Because the pictures are not wanted, reproduce the rest of the records below exactly as they stand.

____

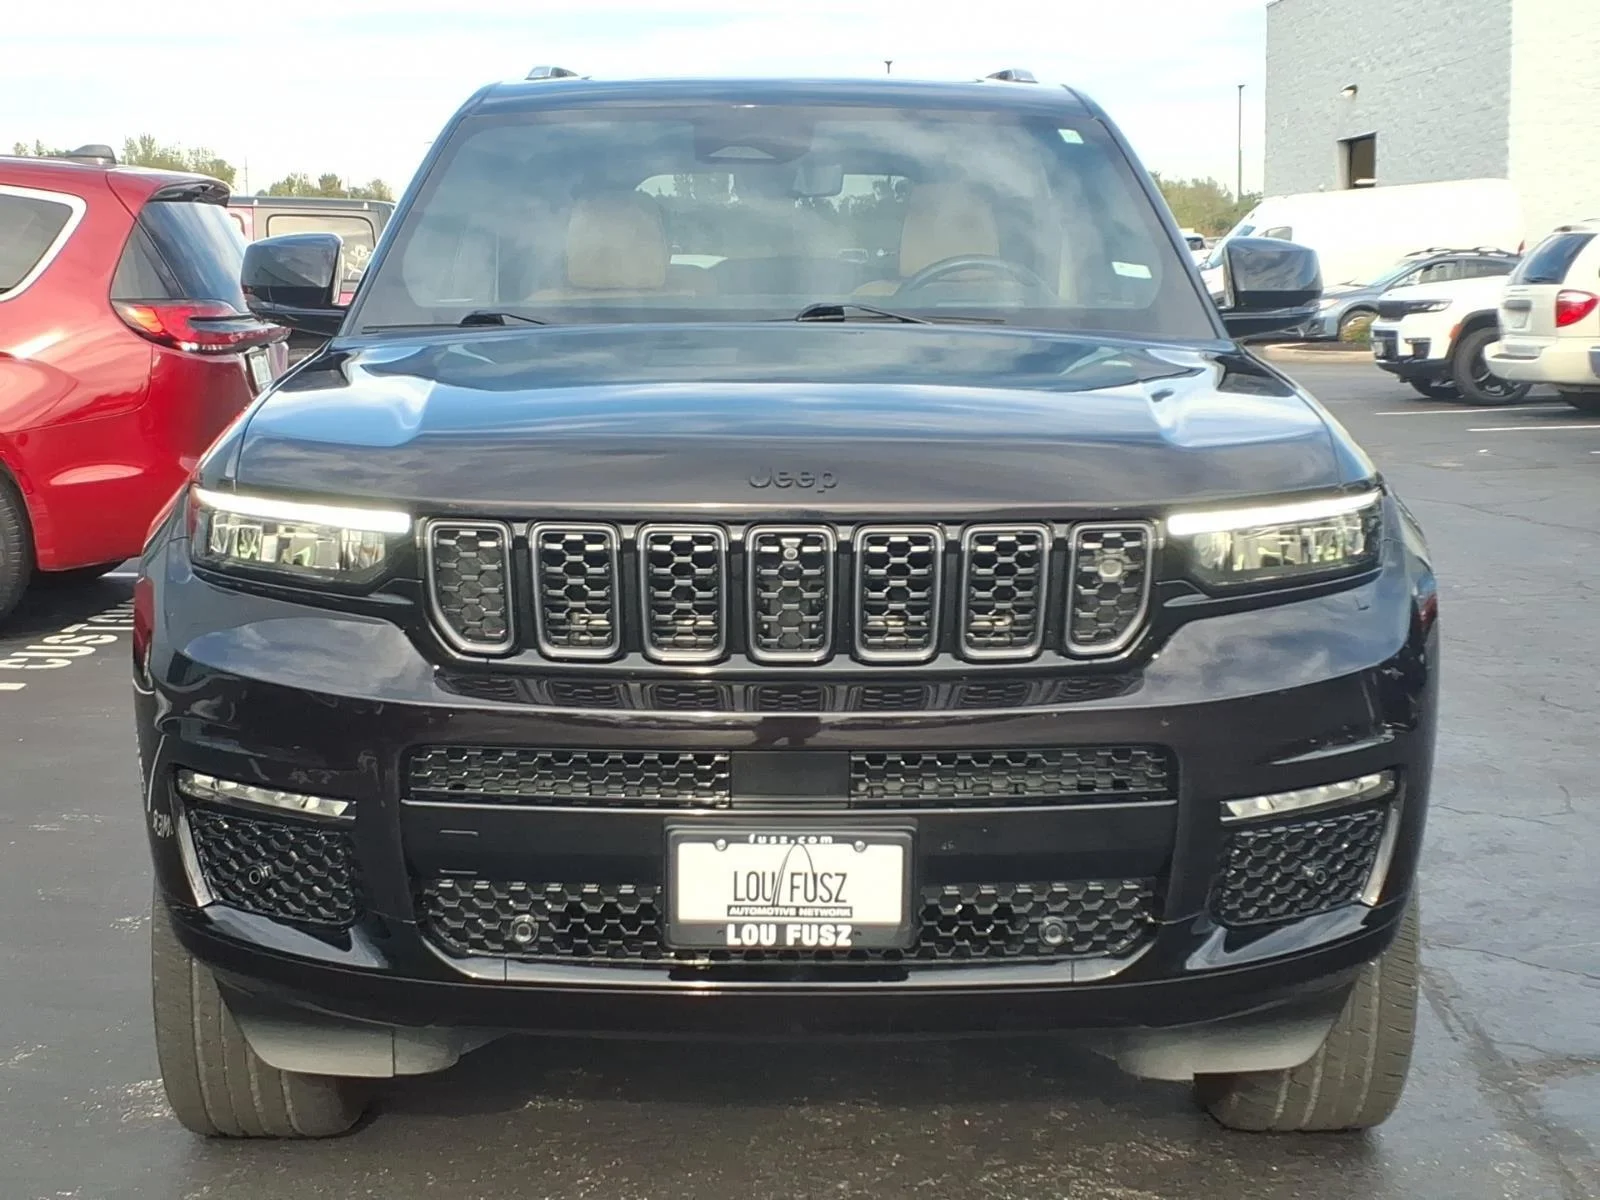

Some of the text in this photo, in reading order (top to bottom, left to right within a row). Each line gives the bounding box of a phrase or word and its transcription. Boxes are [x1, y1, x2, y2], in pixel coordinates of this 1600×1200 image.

[748, 466, 838, 494] Jeep
[748, 832, 833, 844] fusz.com
[733, 870, 848, 903] LOU FUSZ
[729, 906, 852, 917] AUTOMOTIVE NETWORK
[726, 923, 852, 946] LOU FUSZ
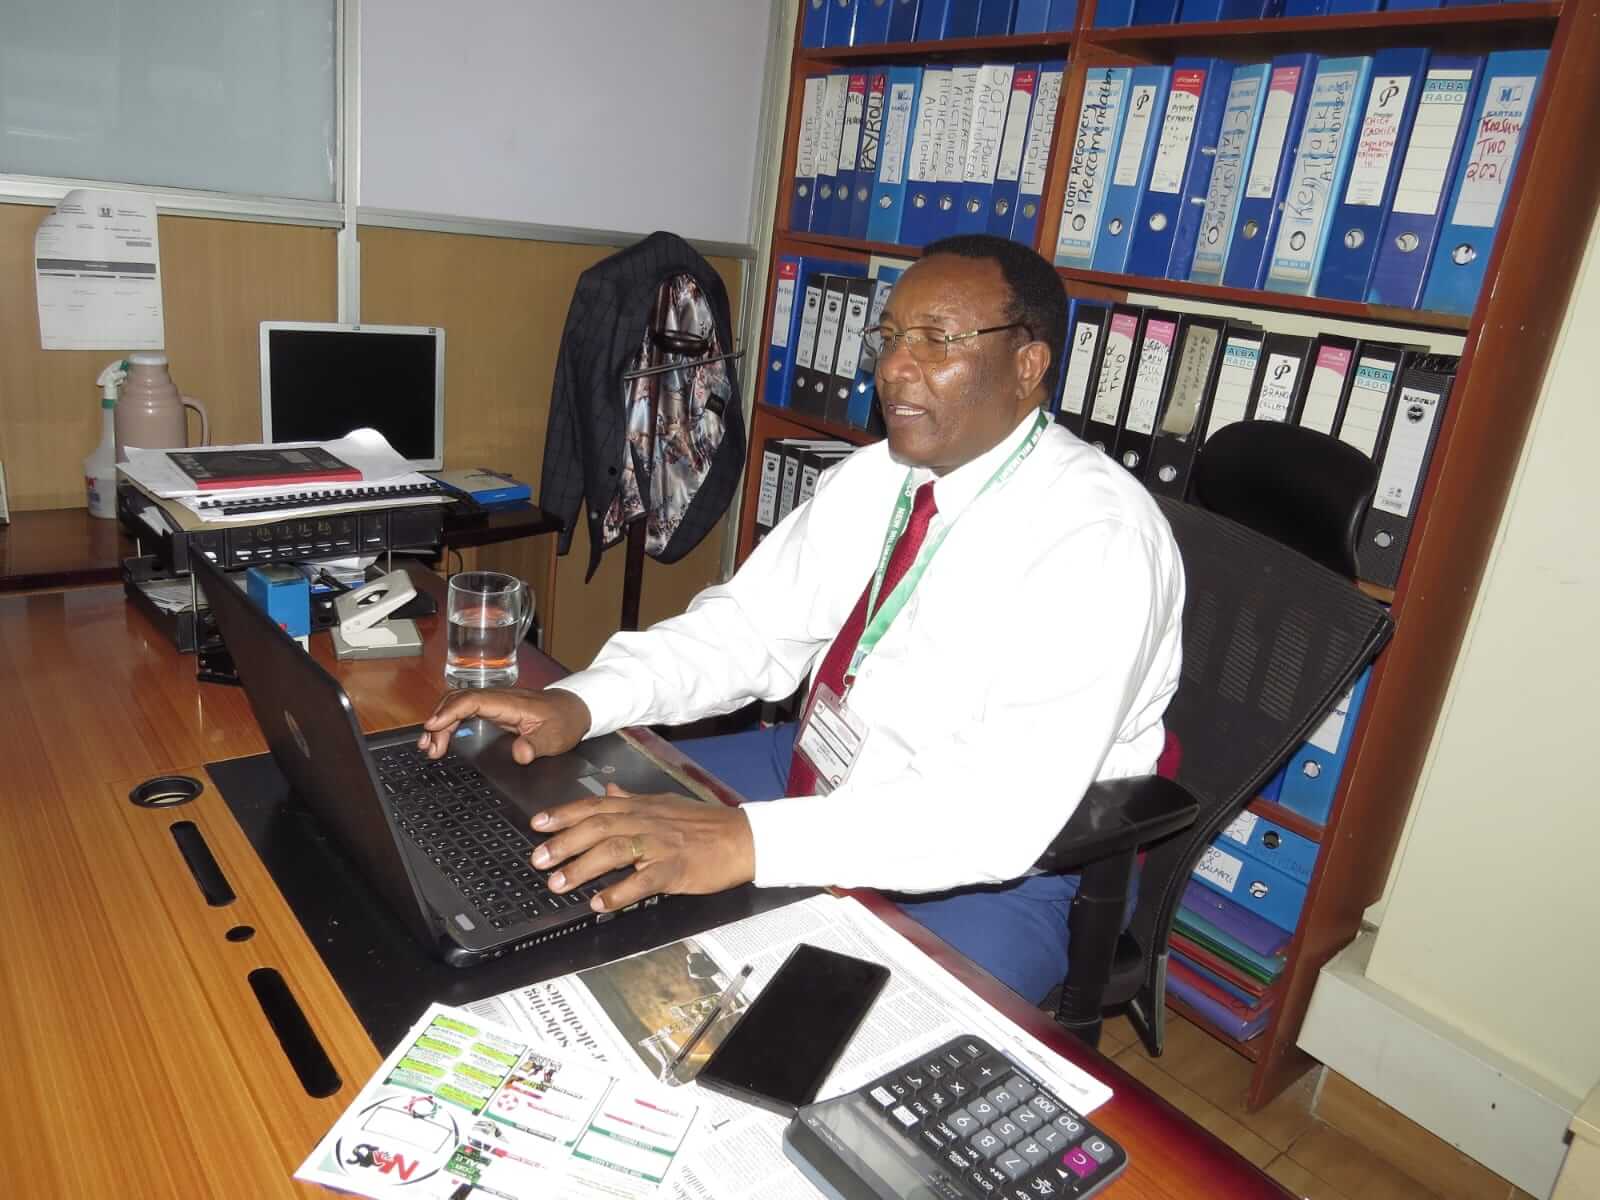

____

▶ [OUTPUT BELOW]:
Some of the text in this photo, in reading order (top to bottom, left to right within a row). Each line gives the bounding box of a phrase or word and its transcription. Boxes are [x1, y1, x2, y2], in pixel coordinates of this 1600×1200 image.

[748, 466, 838, 494] Jeep
[748, 832, 833, 844] fusz.com
[733, 870, 848, 903] LOU FUSZ
[729, 906, 852, 917] AUTOMOTIVE NETWORK
[726, 923, 852, 946] LOU FUSZ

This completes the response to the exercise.